> Your assignment:
Please give back the listing below word for word and drop any images.
Segment Open
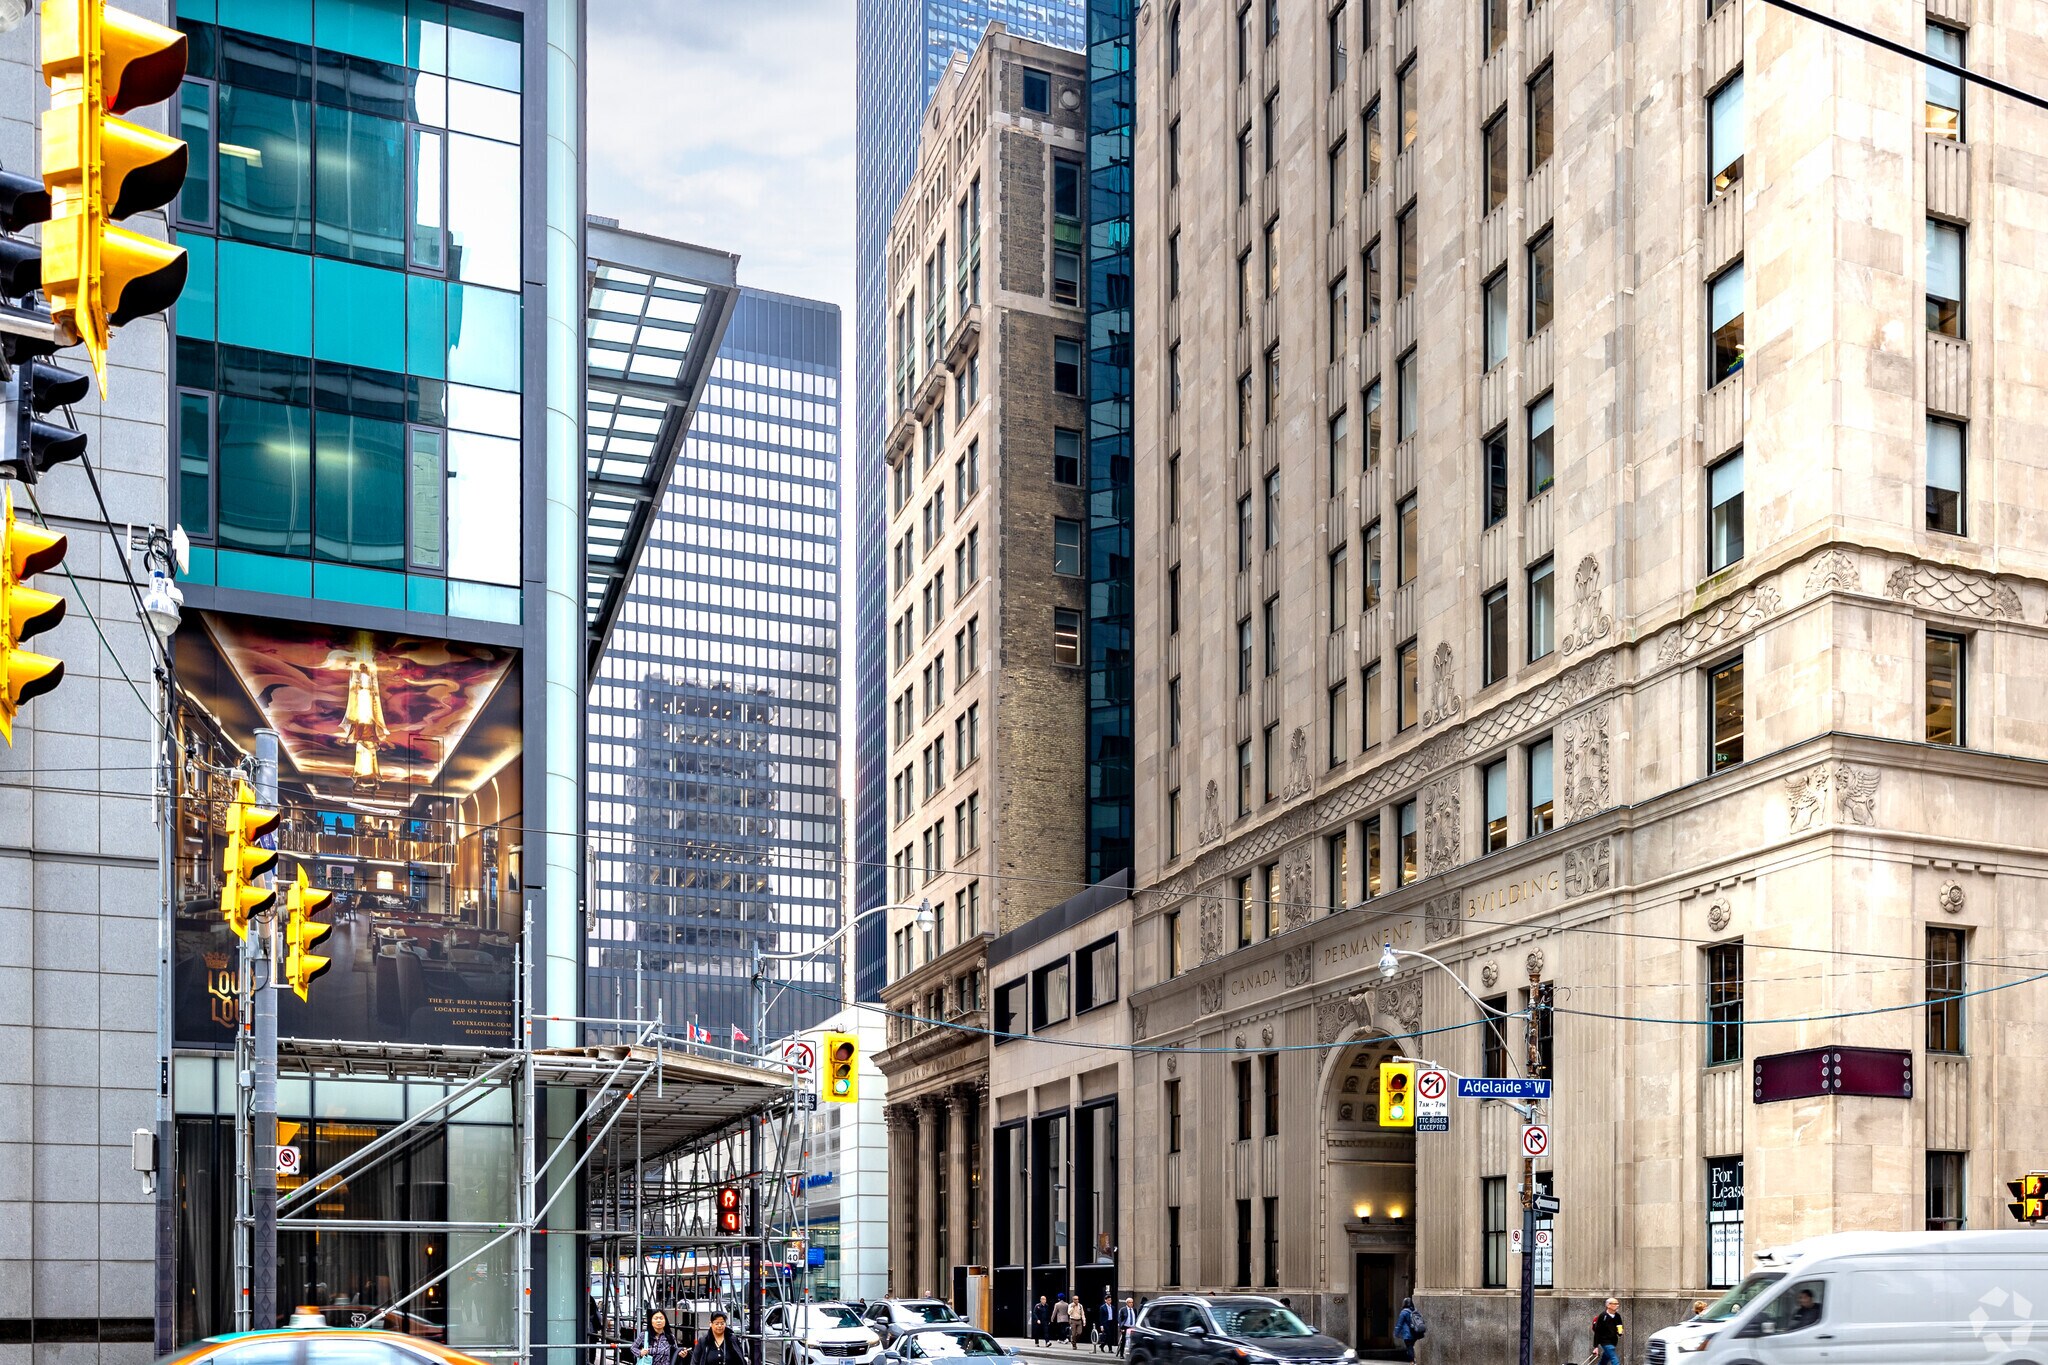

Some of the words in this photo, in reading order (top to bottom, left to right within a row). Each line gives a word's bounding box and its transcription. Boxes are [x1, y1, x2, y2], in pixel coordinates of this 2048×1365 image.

[1231, 967, 1278, 996] CANADA
[1324, 920, 1413, 966] PERMANENT
[1468, 870, 1559, 918] BVILDING
[452, 1020, 512, 1028] LOUIXLOUIS.COM
[904, 1067, 920, 1084] BANK
[922, 1063, 930, 1076] OF
[1463, 1080, 1522, 1094] Adelaide
[1525, 1081, 1532, 1089] St
[1534, 1081, 1546, 1095] W
[1418, 1100, 1430, 1108] 7AM
[1435, 1100, 1446, 1108] 7PM
[1712, 1167, 1733, 1184] For
[1712, 1200, 1727, 1208] Retail
[787, 1253, 798, 1262] 40
Segment Closed
> Output of the task:
Some of the words in this photo, in reading order (top to bottom, left to right within a row). Each line gives a word's bounding box and its transcription. Boxes are [x1, y1, x2, y2], in pixel coordinates of this 2048×1365 image.

[1231, 967, 1278, 996] CANADA
[1324, 920, 1413, 966] PERMANENT
[1468, 870, 1559, 918] BVILDING
[452, 1020, 512, 1028] LOUIXLOUIS.COM
[904, 1067, 920, 1084] BANK
[922, 1063, 930, 1076] OF
[1463, 1080, 1522, 1094] Adelaide
[1525, 1081, 1532, 1089] St
[1534, 1081, 1546, 1095] W
[1418, 1100, 1430, 1108] 7AM
[1435, 1100, 1446, 1108] 7PM
[1712, 1167, 1733, 1184] For
[1712, 1200, 1727, 1208] Retail
[787, 1253, 798, 1262] 40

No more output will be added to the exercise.